# PROBLEM
Each word in the data below should be copied exactly; the images should not.
DATA PROVIDED below:
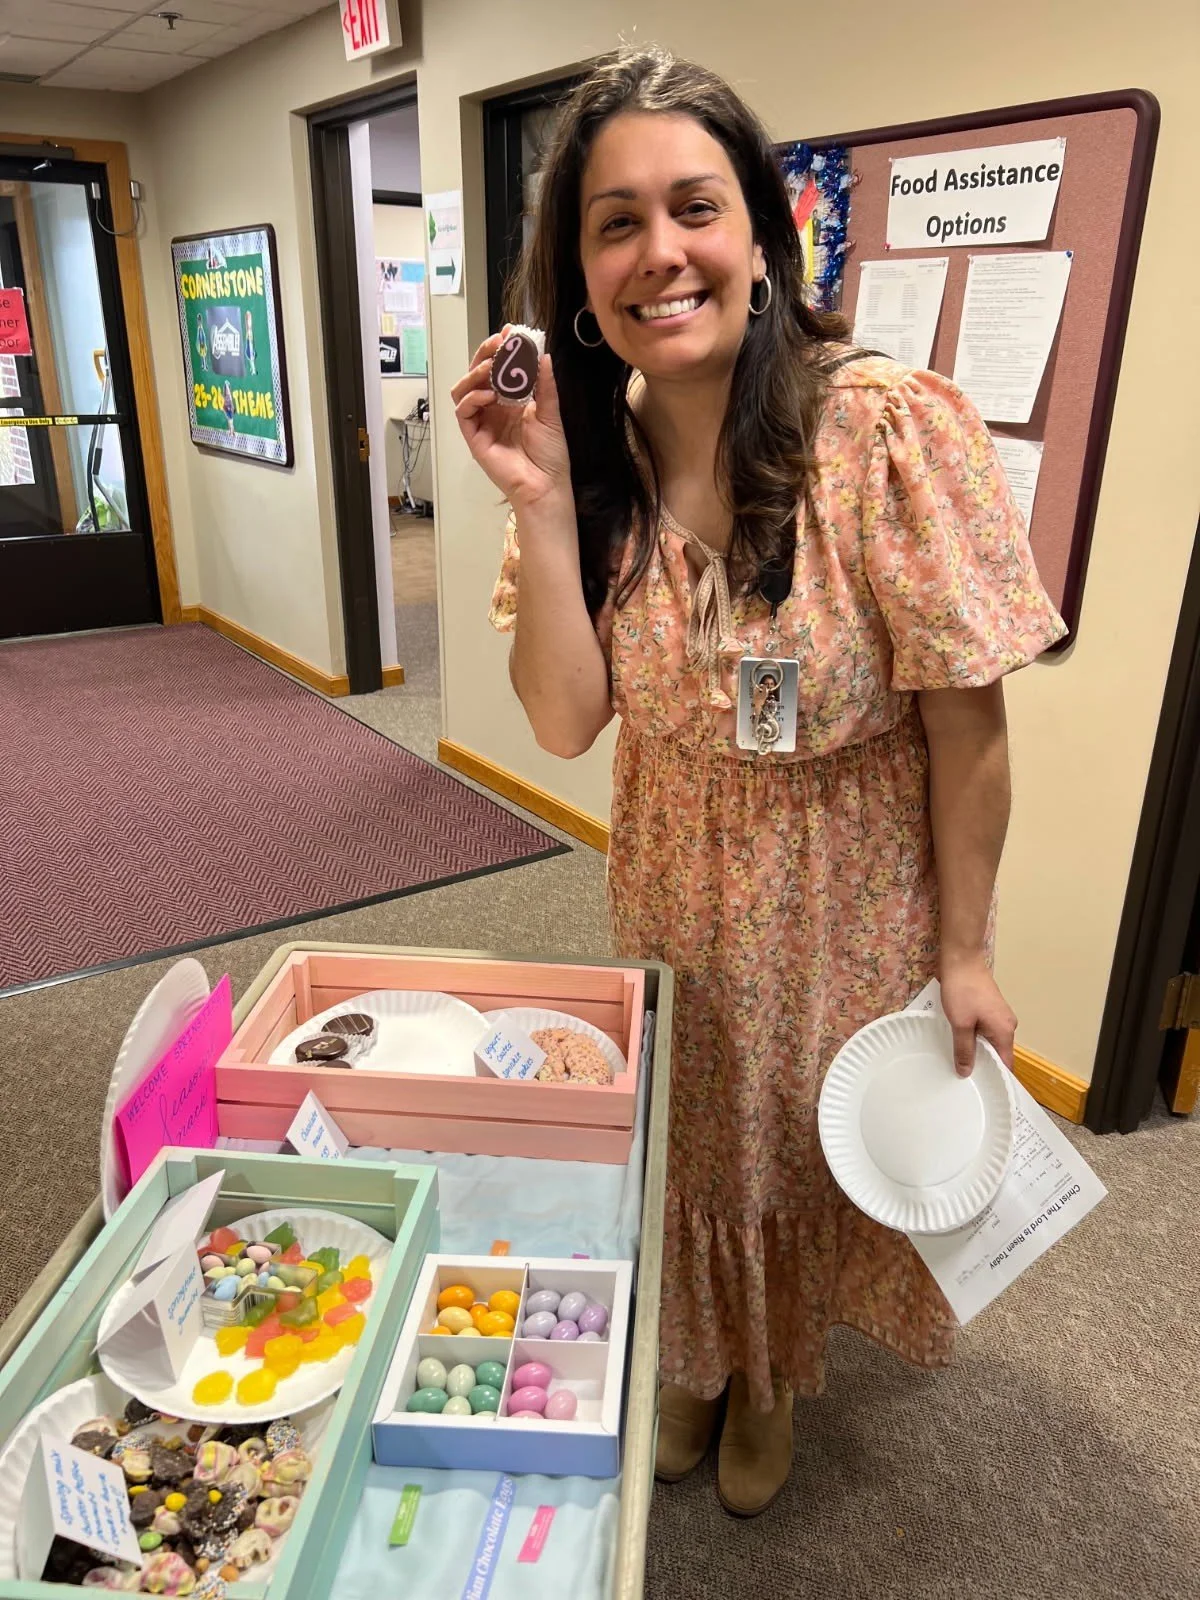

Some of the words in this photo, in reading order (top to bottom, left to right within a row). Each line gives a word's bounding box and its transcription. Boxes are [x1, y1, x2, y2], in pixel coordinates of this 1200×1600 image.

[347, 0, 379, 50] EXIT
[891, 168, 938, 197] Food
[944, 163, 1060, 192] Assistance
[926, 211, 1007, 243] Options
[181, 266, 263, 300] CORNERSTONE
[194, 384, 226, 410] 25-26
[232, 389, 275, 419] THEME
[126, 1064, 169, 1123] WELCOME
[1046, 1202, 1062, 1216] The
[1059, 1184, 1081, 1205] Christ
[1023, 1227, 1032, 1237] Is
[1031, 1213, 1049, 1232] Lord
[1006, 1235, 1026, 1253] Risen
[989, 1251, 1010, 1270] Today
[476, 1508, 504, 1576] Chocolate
End of DATA PROVIDED.
# ANSWER BELOW
Some of the words in this photo, in reading order (top to bottom, left to right within a row). Each line gives a word's bounding box and its transcription. Boxes are [x1, y1, x2, y2], in pixel coordinates of this 1200×1600 image.

[347, 0, 379, 50] EXIT
[891, 168, 938, 197] Food
[944, 163, 1060, 192] Assistance
[926, 211, 1007, 243] Options
[181, 266, 263, 300] CORNERSTONE
[194, 384, 226, 410] 25-26
[232, 389, 275, 419] THEME
[126, 1064, 169, 1123] WELCOME
[1046, 1202, 1062, 1216] The
[1059, 1184, 1081, 1205] Christ
[1023, 1227, 1032, 1237] Is
[1031, 1213, 1049, 1232] Lord
[1006, 1235, 1026, 1253] Risen
[989, 1251, 1010, 1270] Today
[476, 1508, 504, 1576] Chocolate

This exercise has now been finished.